OrgName:    FDCservers.net
OrgID:      FDCSE
Address:    141 w jackson blvd.
Address:    suite #1135
City:       Chicago
StateProv:  IL
PostalCode: 60098
Country:    US
ReferralServer: rwhois://rwhois.fdcservers.net:4321
NetRange:   67.159.0.0 - 67.159.63.255
CIDR:       67.159.0.0/18   <--------------  This is the CIDR
NetName:    FDCSERVERS
NetHandle:  NET-67-159-0-0-1
Parent:     NET-67-0-0-0-0
NetType:    Direct Allocation
NameServer: NS3.FDCSERVERS.NET
NameServer: NS4.FDCSERVERS.NET

If you aren’t positive this is a server-farm you could visit the domain listed, in this case, FDCservers.net.  Their website clearly shows that they are a server hosting company.  You could also google the company name or even the IP to dig up more info.  Now that you are positive that you want to block this entire range or CIDR of 67.159.0.0/18, simply add it to your CSF.DENY.  Sometimes, usually with foreign servers, a CIDR won’t be listed.  In a case like that you can still block an entire range of IP’s by using a CIDR Calculator and entering the beginning IP address and the mask or range/number of IP’s to block.  I usually block an entire 16-bit range, which for the example above would be 67.159.0.0/16  instead of the CIDR above “/18” which applies only to FDCServers, using “/16” blocks everything that starts with 67.159.

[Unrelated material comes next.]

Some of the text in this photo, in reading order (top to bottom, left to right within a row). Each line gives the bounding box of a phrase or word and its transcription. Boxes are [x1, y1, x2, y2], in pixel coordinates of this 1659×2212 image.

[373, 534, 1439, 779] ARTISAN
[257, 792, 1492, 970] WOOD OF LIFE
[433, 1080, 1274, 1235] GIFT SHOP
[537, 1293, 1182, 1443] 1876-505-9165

When adding your IP’s or CIDR into CSF.DENY be sure to add “# do not delete” after each entry.  Otherwise, once you hit the limit of IP’s specified in your CSF configuration file, older entries will get overwritten with newer entries.

How to block TOR: The Onion Router or TOR is a network of proxies intended to protect the anonymity of internet users.   TOR is great for whistleblowers or government protesters, but not so great for website owners trying to keep assholes out of their community.  TOR is fairly easily blocked by adding the list of “TOR Exit nodes” into CSF.DENY or TROLL.  You can get an updated list of TOR exit nodes here: TOR Exit Node list.  TOR is dynamic and the list changes, so you’ll have to update it every few days or so.

How to block Port Proxies or SOCKS proxies: Port or SOCKS proxies are almost always blocked by Bad Behavior

Sometimes you may end up blocking legitimate users, particularity when blocking entire ranges of IP’s – it’s unavoidable.  When someone complains, confirm their IP address and just remove them from CSF.DENY or your TROLL list – no big deal.  I’ve been using these methods for over a year and I’ve only blocked 10 or so legitimate users (that i know of at least).

If you don’t have/can’t use IPTABLES/CSF, you can also use some of the techniques above to block IP’s and CIDRs in your .HTACCESS file, but I cannot vouch for how well it will perform when the list grows large – and to be effective it needs to be really, really large.

This has turned out to be one of my longest and mostest rambling posts.  If I’ve been unclear or if you have any questions, please post a comment.  And oh – if you’re reading this via a proxy, post a comment and tell me that my techniques don’t work!